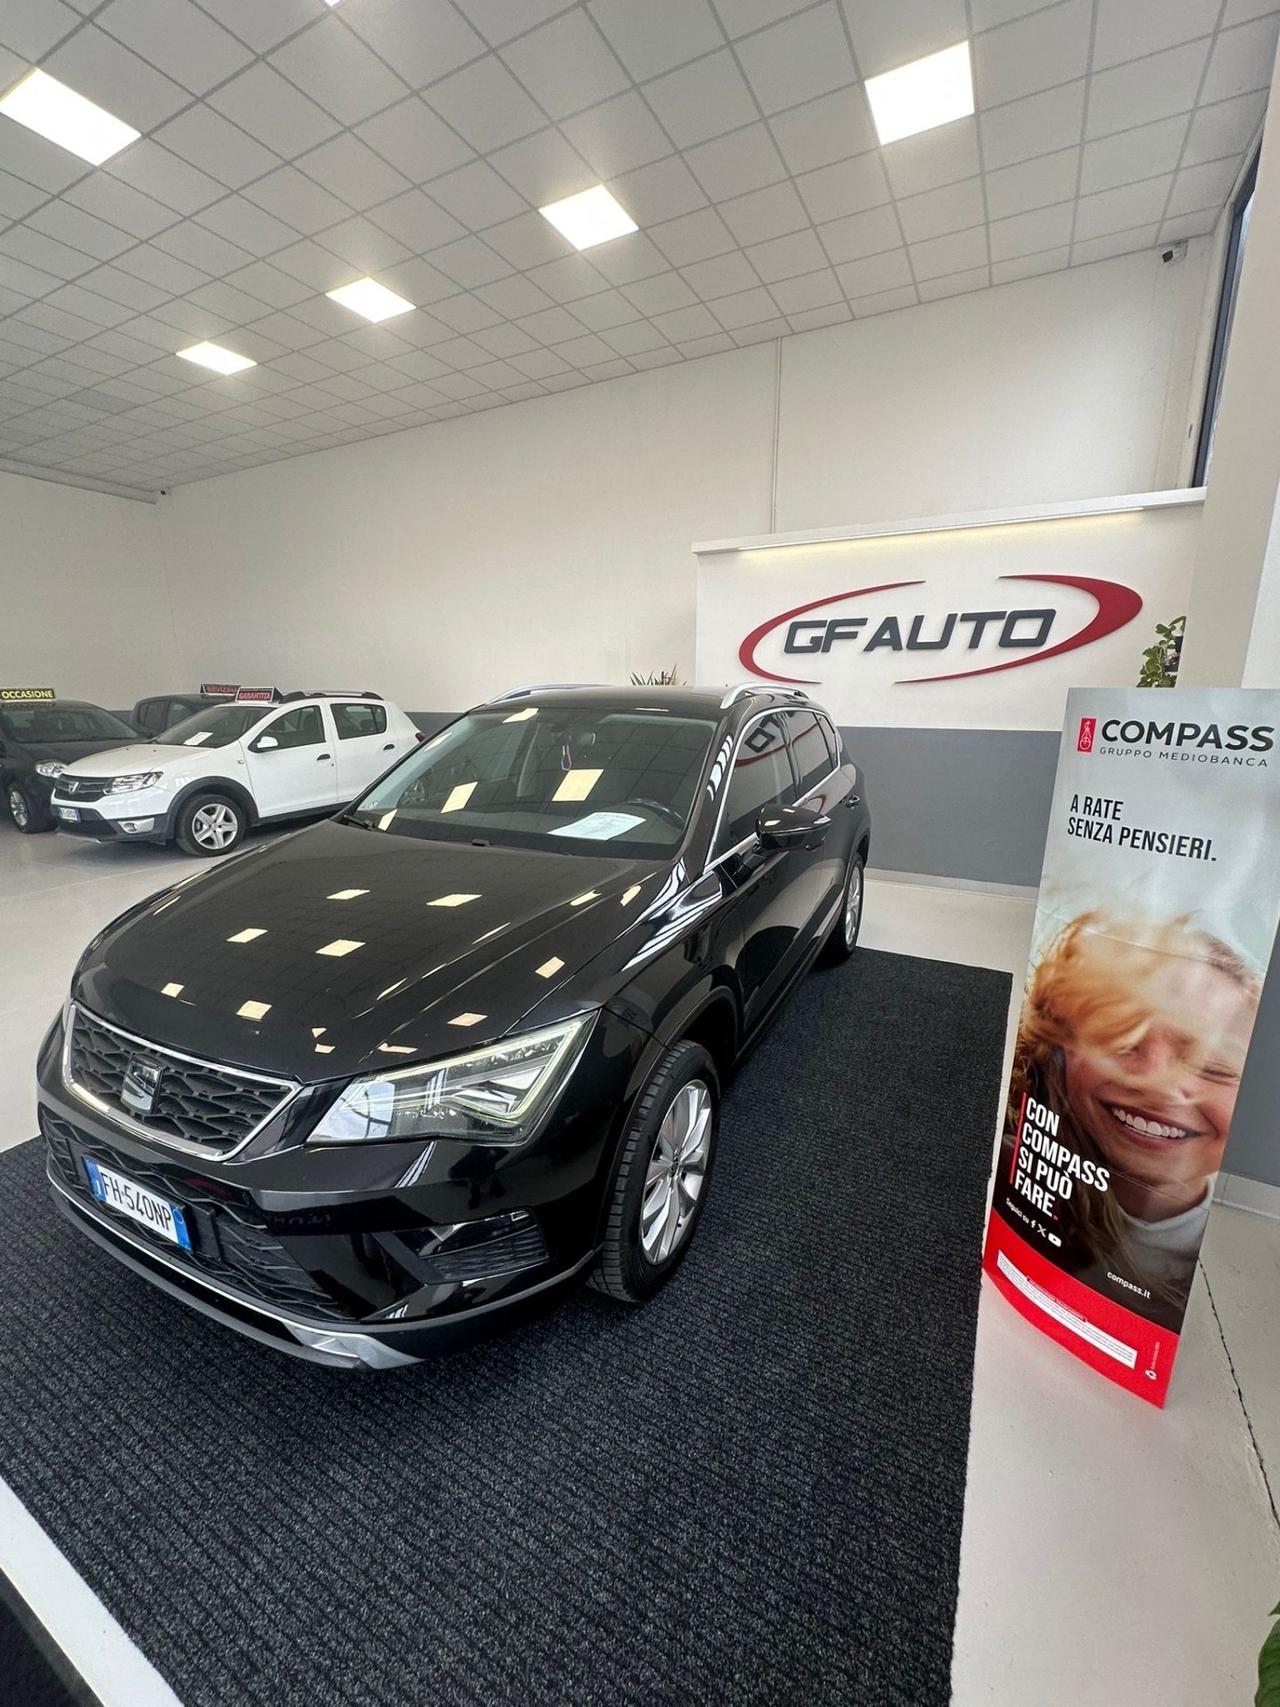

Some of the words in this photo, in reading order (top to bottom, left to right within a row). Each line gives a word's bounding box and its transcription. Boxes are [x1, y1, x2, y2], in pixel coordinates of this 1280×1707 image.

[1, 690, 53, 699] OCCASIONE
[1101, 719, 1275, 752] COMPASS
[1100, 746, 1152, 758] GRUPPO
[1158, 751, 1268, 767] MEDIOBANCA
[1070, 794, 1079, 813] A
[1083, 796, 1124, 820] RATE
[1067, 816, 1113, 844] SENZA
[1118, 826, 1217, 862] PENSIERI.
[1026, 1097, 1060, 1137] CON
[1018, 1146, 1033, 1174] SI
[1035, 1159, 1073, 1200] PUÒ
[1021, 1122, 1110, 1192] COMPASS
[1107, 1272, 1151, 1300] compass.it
________________________
## Task instructions
Reproduce every line above exactly, pictures excluded.

## Output for this task
Some of the words in this photo, in reading order (top to bottom, left to right within a row). Each line gives a word's bounding box and its transcription. Boxes are [x1, y1, x2, y2], in pixel coordinates of this 1280×1707 image.

[1, 690, 53, 699] OCCASIONE
[1101, 719, 1275, 752] COMPASS
[1100, 746, 1152, 758] GRUPPO
[1158, 751, 1268, 767] MEDIOBANCA
[1070, 794, 1079, 813] A
[1083, 796, 1124, 820] RATE
[1067, 816, 1113, 844] SENZA
[1118, 826, 1217, 862] PENSIERI.
[1026, 1097, 1060, 1137] CON
[1018, 1146, 1033, 1174] SI
[1035, 1159, 1073, 1200] PUÒ
[1021, 1122, 1110, 1192] COMPASS
[1107, 1272, 1151, 1300] compass.it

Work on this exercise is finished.